Because Dr. Krugman Says So, That’s Why!
C’mon Dr. Krugman. Really? Today’s op-ed piece in the New York Times is the best you can do? For a Nobel laureate, it’s a really weak piece of work. Heavy on moral certainty, light on evidence.
Dr. Krugman’s argument est omnis divisa in partes tres. Massive federal government saved the United States because it : (1) continued spending money at a reckless pace; (2) interfered in the financial sector by propping up failed companies; and (3) passed the Giant Technicolor Stimulus Bill. Dr. Krugman offers no support for his position that any of his three chosen factors played any role in his purported stabilization. Heck, Dr. Krugman even admits that the best we can do is celebrate “indications that things are getting worse more slowly.”
Dr. Krugman’s “argument” boils down to: “I, Dr. Krugman am a Nobel laureate and blind supporter of Keynesian economics. Therefore, because the federal government applied Keynesian economic theory to the current crisis, any uptick (or lessening downtick) is an indication of the effectiveness of Keynesian economic theory.”

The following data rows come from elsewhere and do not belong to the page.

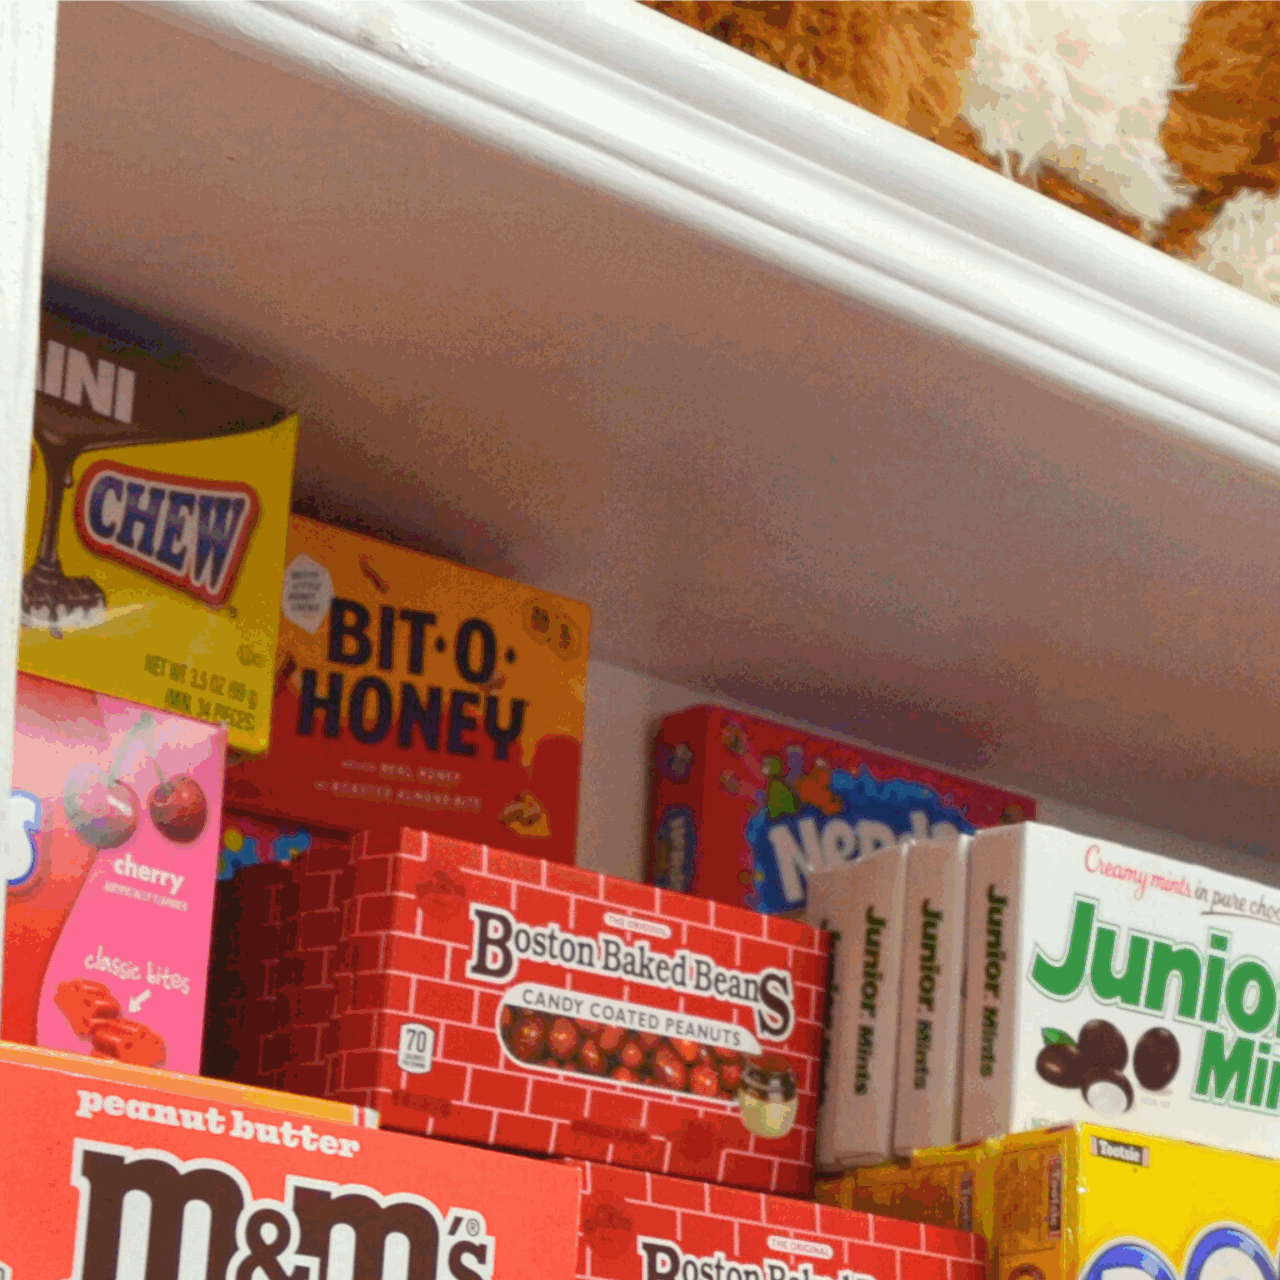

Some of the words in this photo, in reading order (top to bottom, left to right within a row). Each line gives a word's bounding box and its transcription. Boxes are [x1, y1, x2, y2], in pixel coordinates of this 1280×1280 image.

[36, 339, 136, 425] INI
[88, 473, 249, 594] CHEW
[297, 668, 527, 758] HONEY
[112, 852, 185, 896] cherry
[1084, 844, 1148, 901] Creamy
[1194, 880, 1208, 901] in
[1211, 889, 1248, 914] pure
[471, 909, 594, 978] Boston
[602, 937, 688, 987] Baked
[860, 904, 887, 1018] Junior
[917, 897, 943, 1013] Junior
[983, 883, 1009, 1000] Junior
[405, 1027, 428, 1053] 70
[521, 988, 585, 1016] CANDY
[589, 1003, 660, 1030] COATED
[664, 1016, 743, 1047] PEANUTS
[854, 1024, 874, 1096] Mints
[913, 1019, 932, 1090] Mints
[76, 1088, 227, 1136] peanut
[229, 1110, 361, 1159] butter
[1098, 1138, 1142, 1163] Tootsie
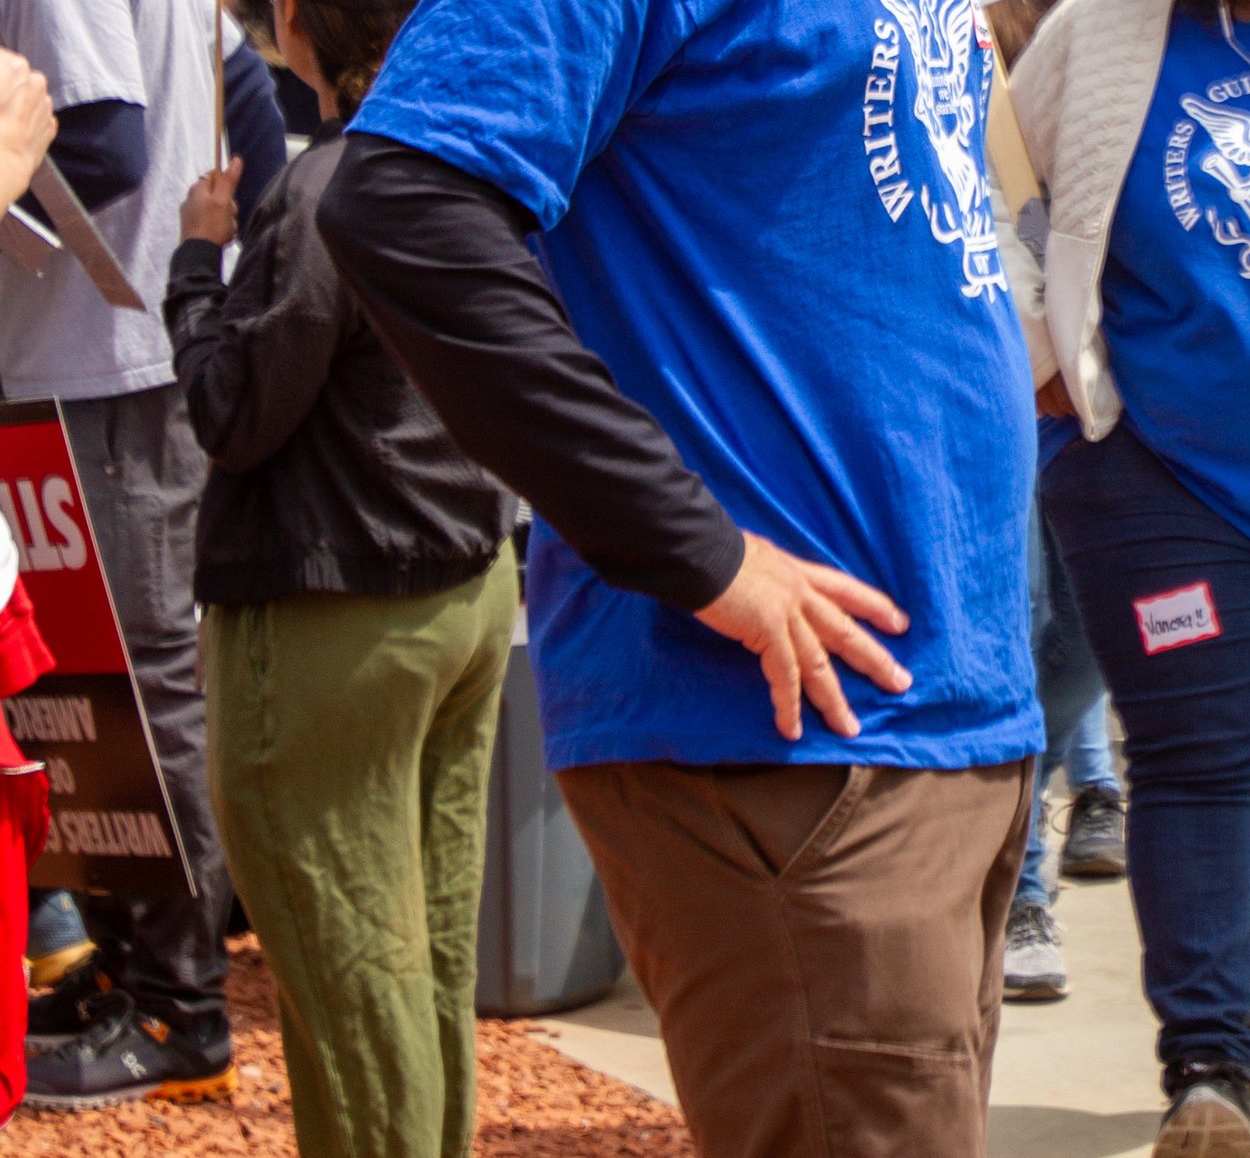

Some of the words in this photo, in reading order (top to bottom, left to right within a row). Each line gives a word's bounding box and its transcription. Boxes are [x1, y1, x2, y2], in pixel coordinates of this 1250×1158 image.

[862, 17, 916, 225] WRITERS
[1164, 121, 1201, 232] WRITERS
[58, 810, 174, 859] WRITERS

How about Dr. Krugman provide some proof that running a massive federal deficit to cover maintaining and/or increasing spending has provided any net benefit to America? From ‘Puter’s little perch, runaway spending in the face of an economic crisis has caused purchasers of America’s debt instruments to shy, pushing interest rates higher to compensate for increased risk. So, to cover the near term, America has again mortgaged its future.
Could Dr. Krugman, or anyone else for that matter, please prove definitively that allowing failed financial institutions to be liquidated under the Bankruptcy Code would have resulted in Great Depression II: Electric Boogaloo? ‘Puter understands that it is a reasonable argument that federal intervention was necessary to prevent a cratering of the world economic system. However, it is also at a minimum possible that we would be no worse off today if the Feds had permitted the system to work as intended. The laws and regulations in place last fall during the peak of the crisis were so different from those in place at the time of the Great Depression, comparisons are unfair.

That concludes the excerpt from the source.